Requirement: Your answer must be an exact copy of the records below, with every picture left out.

===== Information

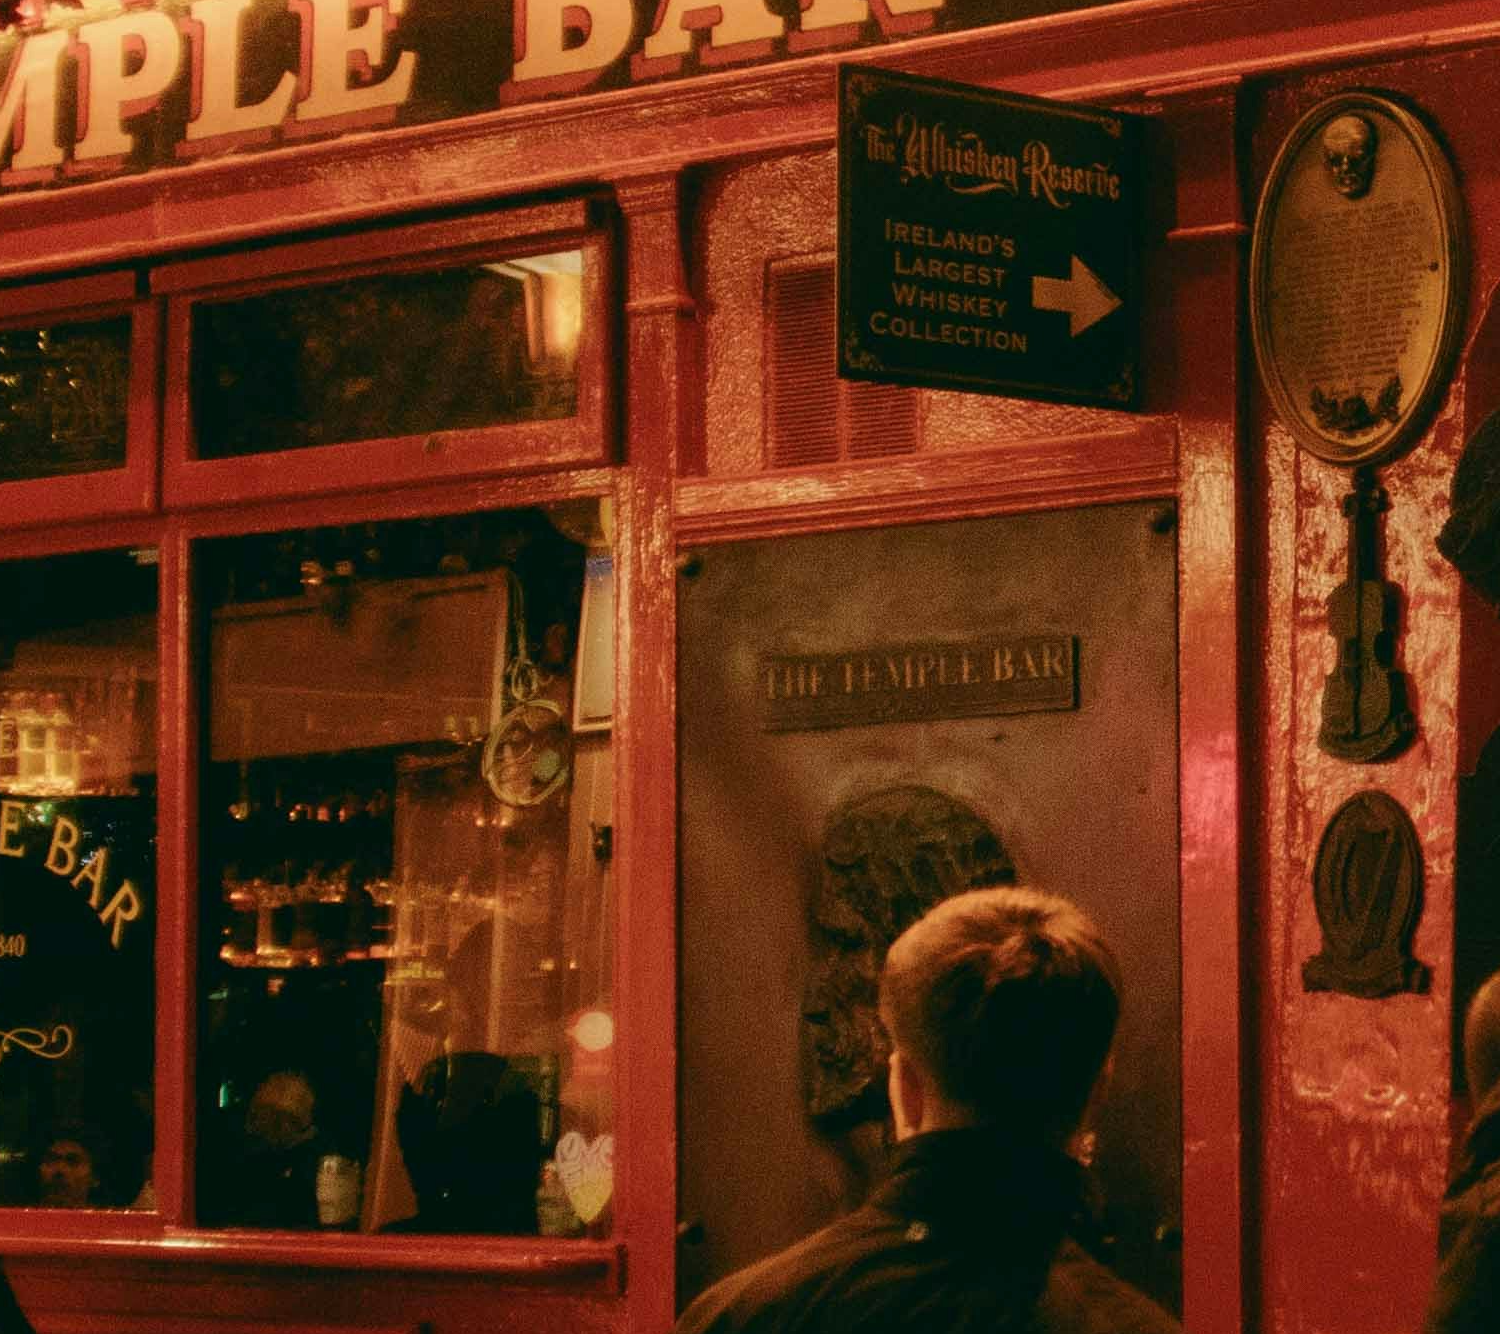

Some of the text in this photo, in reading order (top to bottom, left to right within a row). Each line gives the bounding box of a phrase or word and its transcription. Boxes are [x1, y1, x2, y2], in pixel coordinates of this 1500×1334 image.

[864, 114, 1122, 208] The Whiskey Reserve
[884, 217, 1017, 260] IRELAND'S
[894, 250, 1006, 289] LARGEST
[891, 281, 1010, 320] WHISKEY
[868, 308, 1028, 354] COLLECTION
[762, 646, 1068, 700] THE TEMPLE BAR
[44, 816, 146, 948] BAR

==========

Reply:
Some of the text in this photo, in reading order (top to bottom, left to right within a row). Each line gives the bounding box of a phrase or word and its transcription. Boxes are [x1, y1, x2, y2], in pixel coordinates of this 1500×1334 image.

[864, 114, 1122, 208] The Whiskey Reserve
[884, 217, 1017, 260] IRELAND'S
[894, 250, 1006, 289] LARGEST
[891, 281, 1010, 320] WHISKEY
[868, 308, 1028, 354] COLLECTION
[762, 646, 1068, 700] THE TEMPLE BAR
[44, 816, 146, 948] BAR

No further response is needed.